大地は歪に湾曲しており、まるで徒歩での侵攻を阻んでいるようだ。
魔族共は全員その背に翼を生やし、飛行する。
あながち理に適っているのだろう。
空は夕日のように赤く染まり、まさにこれから起ころうとしている惨状に憂いて血を流している。
「さて、お前達に命令する」
転移門を超えた先で、総勢200名の自軍を前にしてラドルーチは続ける。
「歯向かう者は皆殺しだ。降伏する者も皆殺しだ。殺して死術で縛る程、従順な者はない。それは、まさにお前達が実感しているであろう」
集団の一人の男が指を天に向ける。
「主人様。早速最初の生贄がやって来やしたぜ」
遥か上空からこちらの動向を探る者の姿を視認した。
手始めに我自らが手を下してやろう。
侵略者達に気付かれたと察知し、偵察していた魔族は背を向け彼等から距離を取った。
ふん、背を向けておめおめと逃げ出すか。
いいだろう。
ラドルーチは手にしていた大鎌を逃げ出す相手目掛けて狙いを定め投擲する。
相手との距離は、500メートルくらいは離れていただろう。
加えて、背を向けどんどんとその距離を伸ばしていく。
自動追尾でもあれば別だが、離れていく相手の行動パターンを読まない限り、ヒットさせる事など出来はしない・・・にも関わらず、大鎌はまるで対象に吸い寄せられるように背中へと追い迫る。

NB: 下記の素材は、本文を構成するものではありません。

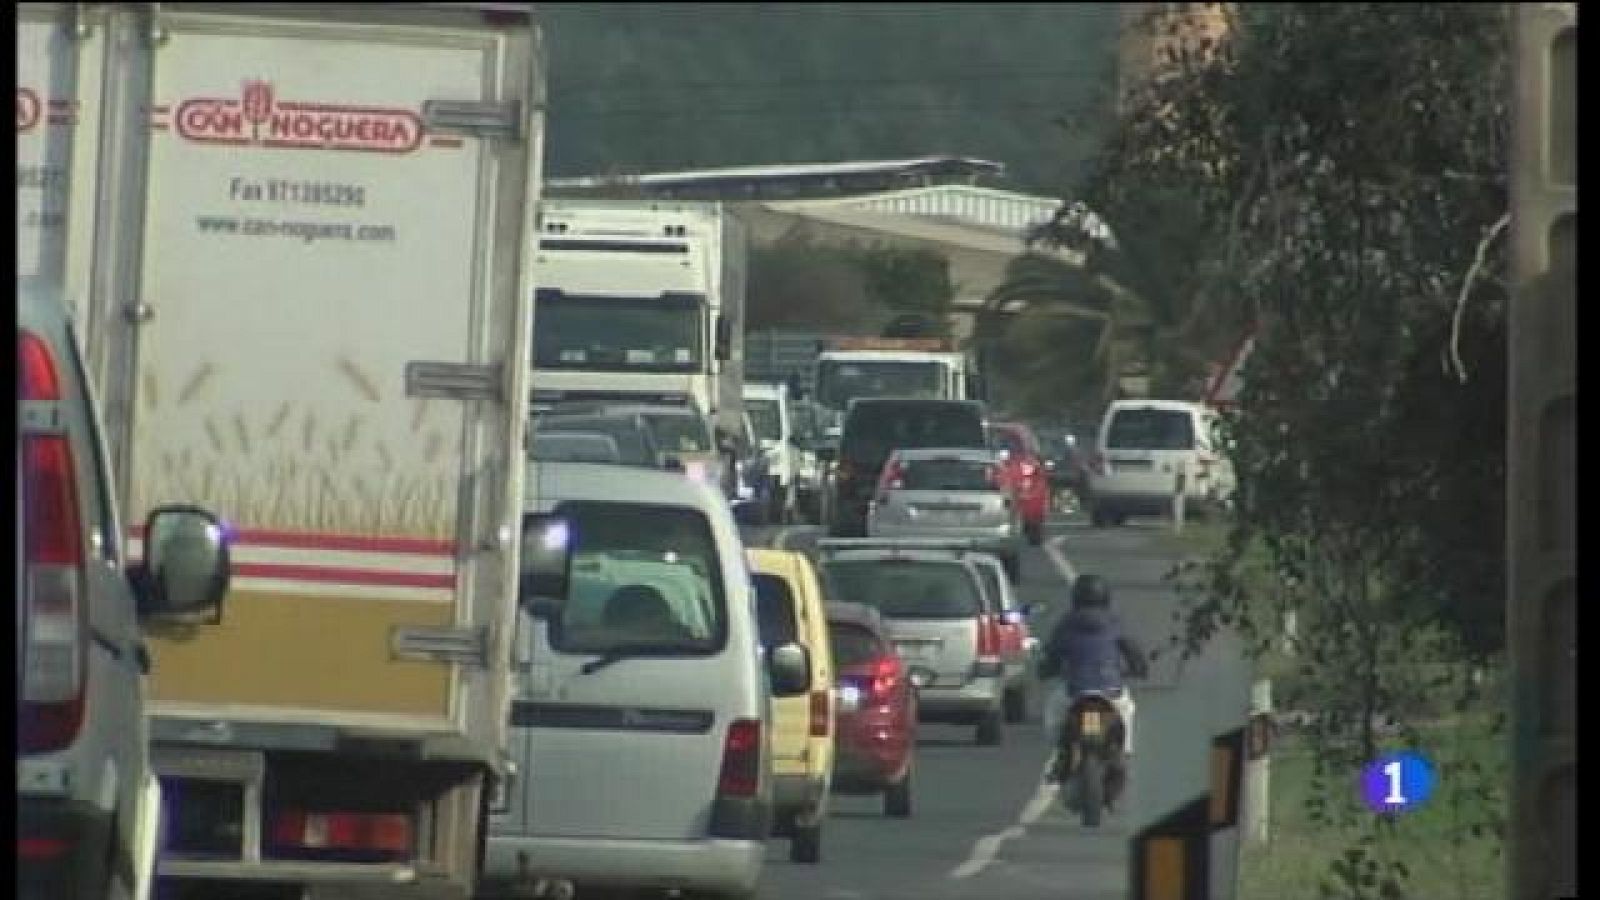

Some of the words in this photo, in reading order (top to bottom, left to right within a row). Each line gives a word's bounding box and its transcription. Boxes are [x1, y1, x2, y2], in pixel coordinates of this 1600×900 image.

[270, 113, 409, 142] NOGUERA
[229, 177, 262, 202] Fax
[197, 216, 395, 243] www.can-noguera.com

逃げ切れないと判断したのか、盾を前に構え、更には風の障壁を張り、防ごうと抵抗する。
しかし、その抵抗を物ともせず、回転しながら飛来する大鎌がいとも容易く盾諸共魔族を真っ二つにする。
投擲の正確さ、貫通力は凄まじいものだろう。
一部の魔族の連中は、今あっさりと仕留めた人物が、そこいらの雑魚ではない事を知っていた。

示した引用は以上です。